Again, the Pope internalizes the argument to the self-aware living human, and what we want out of life. He expertly delivers a message already contained in the Bible - the way to true happiness is to not live a "happy" life, but rather a "blessed" life that in truth is best experienced when someone with two coats gives one to someone with none, not because of "external" forces requiring one to do so, such as taxes, but rather because of a "blessed" application of human freedom.


The Pope's message provides very little practical advice for anyone just trying to be "successful" or "happy" in this life. On the contrary, the Pope does not condemn this human yearning for happiness and love - he simply concludes that these things are admirable so long as we can become greedy enough to realize true happiness and love that simply does not exist in "the real world" is in fact achievable, and the only way to truly become aware of happiness and love is to see beyond "the real world," and through prayer, to seek an "eternal world" that will survive us and everything around us. Yet, he warns us not to fall into the trappings of Catholic or other religious cults, that seek to evade life's realities. Jesus endured "the real world" even onto the Cross, and we must live our lives in this world in a practical way in "the real world."

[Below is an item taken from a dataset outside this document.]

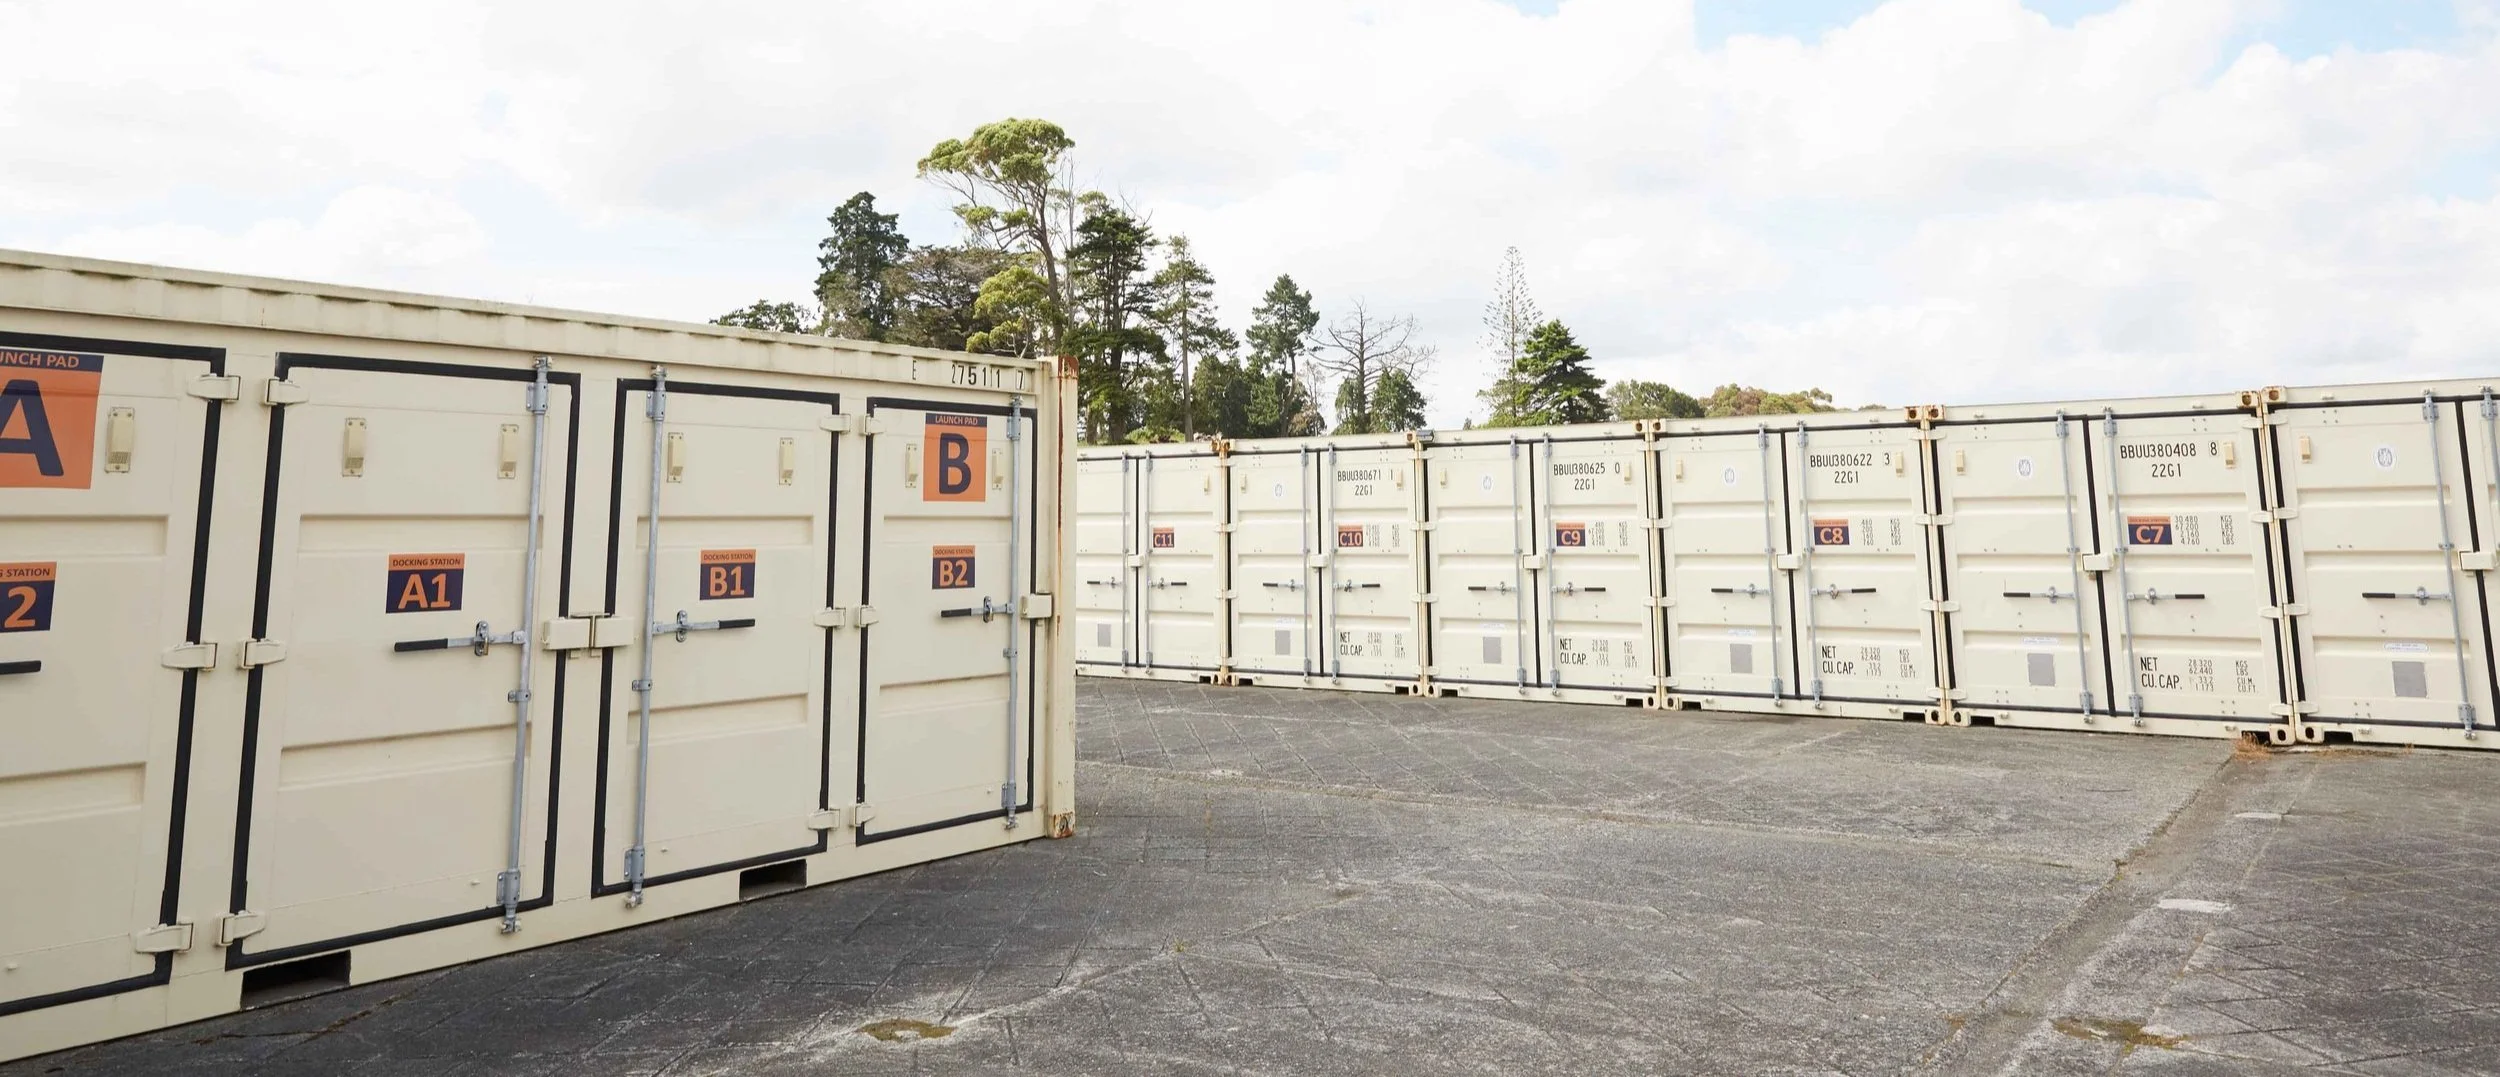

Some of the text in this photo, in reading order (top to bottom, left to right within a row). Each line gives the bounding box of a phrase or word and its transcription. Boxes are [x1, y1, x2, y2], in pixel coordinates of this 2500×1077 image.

Yet, he says that within us, we can often be "so full of ourselves" that God literally can't enter our lives, because we have made no room for Him. Yet, in a process of prayer that allows us to pour out some of the junk in our lives, or to simply enlarge ourselves to make room for God, He can live this "real world" with us, helping us along every step in the way, to know real happiness on Earth when we see it, to help us to share this joy and hope for happiness with others, and best of all, realizing in confidence that happiness is right around the corner in a certain afterlife that will exist long after everything else is gone. It almost seems that God actually enjoys "the real world," and after all, it was all created to please and entertain, and perhaps to disappoint Him from time to time. Jesus came with a heavenly message - not to become embroiled in geopolitics - Jesus knew it was all short-sighted vanity to even waste any time worrying about human inventions like the Roman Empire. Thus the same goes for China or the United States - in time they will be gone, in a pile of decomposing destruction and ruin. But human nature and the hope of life after death - that's what Jesus was all about, and in fact, why He was here for us then, and God willing, should we accept the mission, here for us today.

So says the Pope. I agree. Against all of this, the "modern" world view is about as irrelevant as the Roman Empire, in time, came to be.

Personally, I hope this Pope Benedict survives to write many more letters. Amidst the competing opinions of the free market of ideas, his often seem to be the most clear - once you get through the sidebars.

Pope Benedict XVI's impractical advice to "The Real World" is very good advice to the humans now living in it.